DESCRIPTION OF THE TASK
The material below should be copied line for line, please, with pictures omitted.

EXERCISE DATA
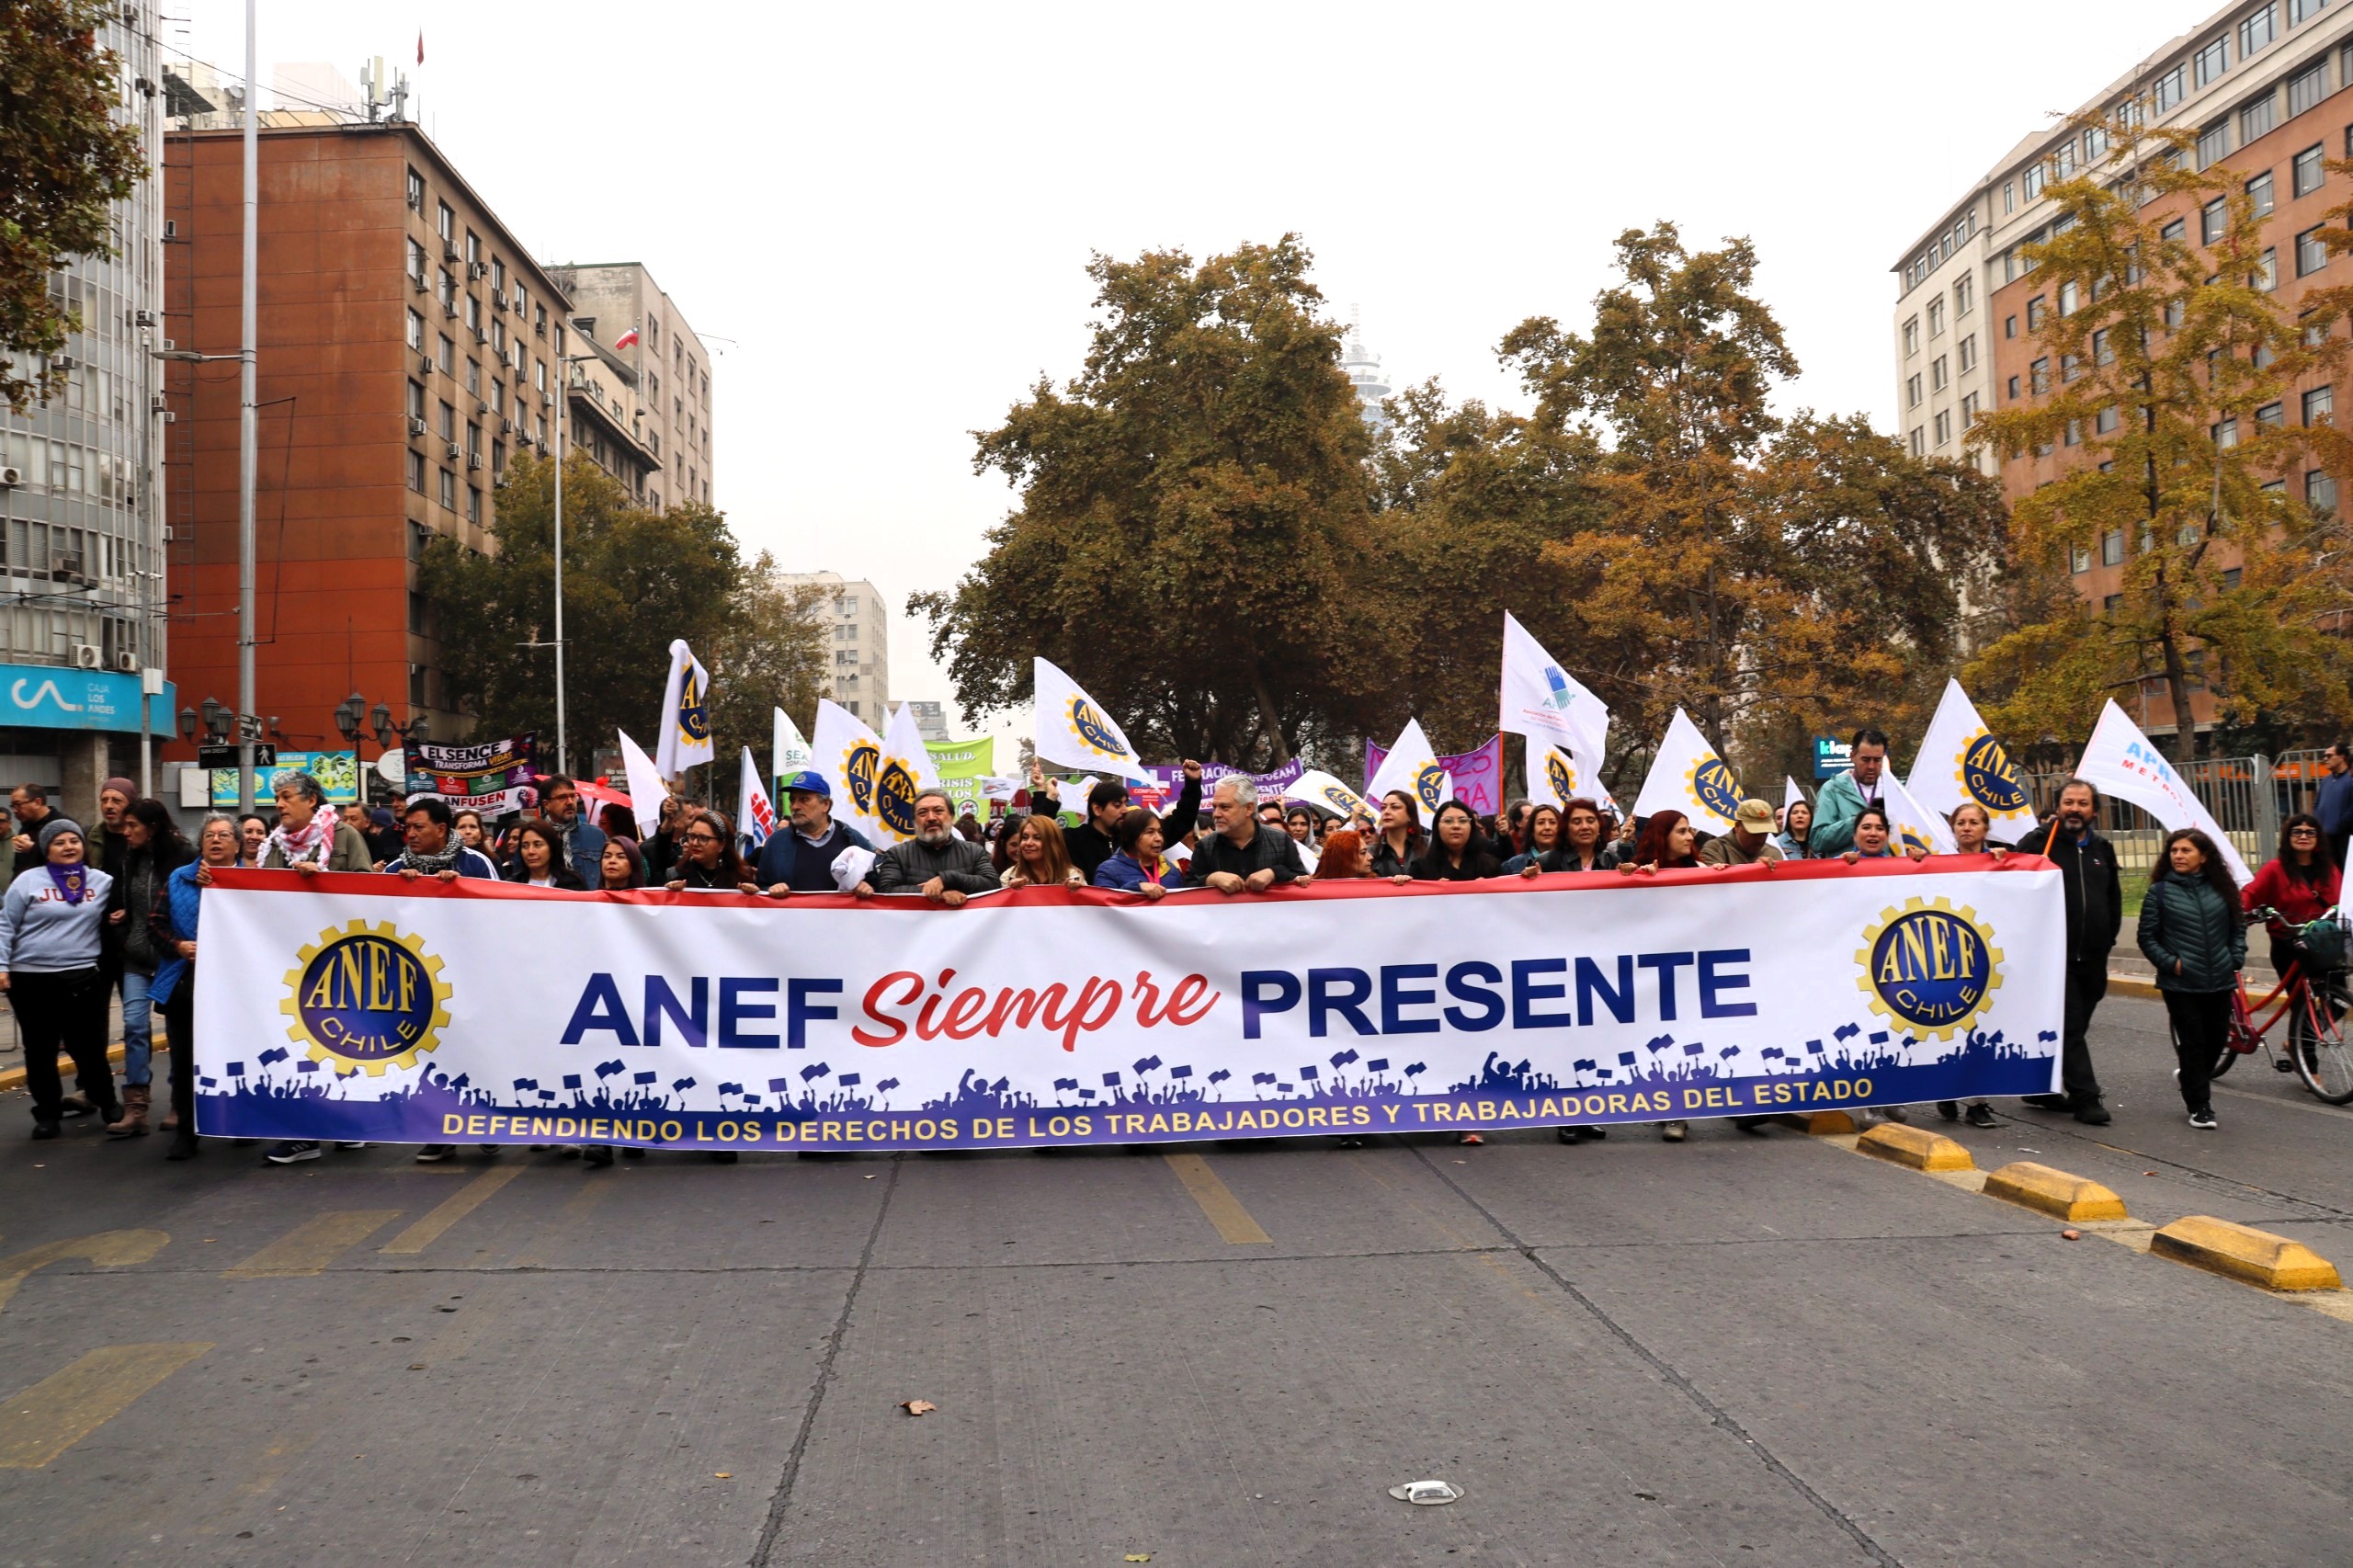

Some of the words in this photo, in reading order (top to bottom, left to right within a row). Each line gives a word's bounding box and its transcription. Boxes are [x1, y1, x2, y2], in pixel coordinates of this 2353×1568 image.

[87, 683, 110, 693] CAJA
[87, 694, 105, 703] LOS
[87, 704, 116, 714] ANDES
[427, 746, 443, 760] EL
[446, 743, 501, 761] SENCE
[435, 760, 487, 770] TRANSFORMA
[488, 752, 513, 765] VIDAS
[939, 778, 973, 788] RISIS
[1699, 765, 1745, 803] ANE
[1972, 773, 2024, 806] CHILE
[882, 795, 915, 830] CHIL
[40, 888, 96, 903] JUP
[1879, 915, 1976, 984] ANEF
[305, 939, 418, 1012] ANEF
[559, 971, 844, 1050] ANEF
[851, 968, 1222, 1052] Siempre
[1241, 948, 1758, 1040] PRESENTE
[1895, 985, 1978, 1019] CHILE
[320, 1016, 418, 1053] CHILE
[443, 1113, 683, 1142] DEFENDIENDO
[697, 1120, 762, 1142] LOS
[776, 1119, 959, 1142] DERECHOS
[972, 1117, 1016, 1140] DE
[1029, 1115, 1093, 1138] LOS
[1105, 1104, 1371, 1135] TRABAJADORES
[1382, 1104, 1403, 1124] Y
[1413, 1090, 1672, 1123] TRABAJADORAS
[1684, 1086, 1744, 1110] DEL
[1754, 1077, 1874, 1105] ESTADO

ANSWER FOR THIS EXERCISE
Some of the words in this photo, in reading order (top to bottom, left to right within a row). Each line gives a word's bounding box and its transcription. Boxes are [x1, y1, x2, y2], in pixel coordinates of this 2353×1568 image.

[87, 683, 110, 693] CAJA
[87, 694, 105, 703] LOS
[87, 704, 116, 714] ANDES
[427, 746, 443, 760] EL
[446, 743, 501, 761] SENCE
[435, 760, 487, 770] TRANSFORMA
[488, 752, 513, 765] VIDAS
[939, 778, 973, 788] RISIS
[1699, 765, 1745, 803] ANE
[1972, 773, 2024, 806] CHILE
[882, 795, 915, 830] CHIL
[40, 888, 96, 903] JUP
[1879, 915, 1976, 984] ANEF
[305, 939, 418, 1012] ANEF
[559, 971, 844, 1050] ANEF
[851, 968, 1222, 1052] Siempre
[1241, 948, 1758, 1040] PRESENTE
[1895, 985, 1978, 1019] CHILE
[320, 1016, 418, 1053] CHILE
[443, 1113, 683, 1142] DEFENDIENDO
[697, 1120, 762, 1142] LOS
[776, 1119, 959, 1142] DERECHOS
[972, 1117, 1016, 1140] DE
[1029, 1115, 1093, 1138] LOS
[1105, 1104, 1371, 1135] TRABAJADORES
[1382, 1104, 1403, 1124] Y
[1413, 1090, 1672, 1123] TRABAJADORAS
[1684, 1086, 1744, 1110] DEL
[1754, 1077, 1874, 1105] ESTADO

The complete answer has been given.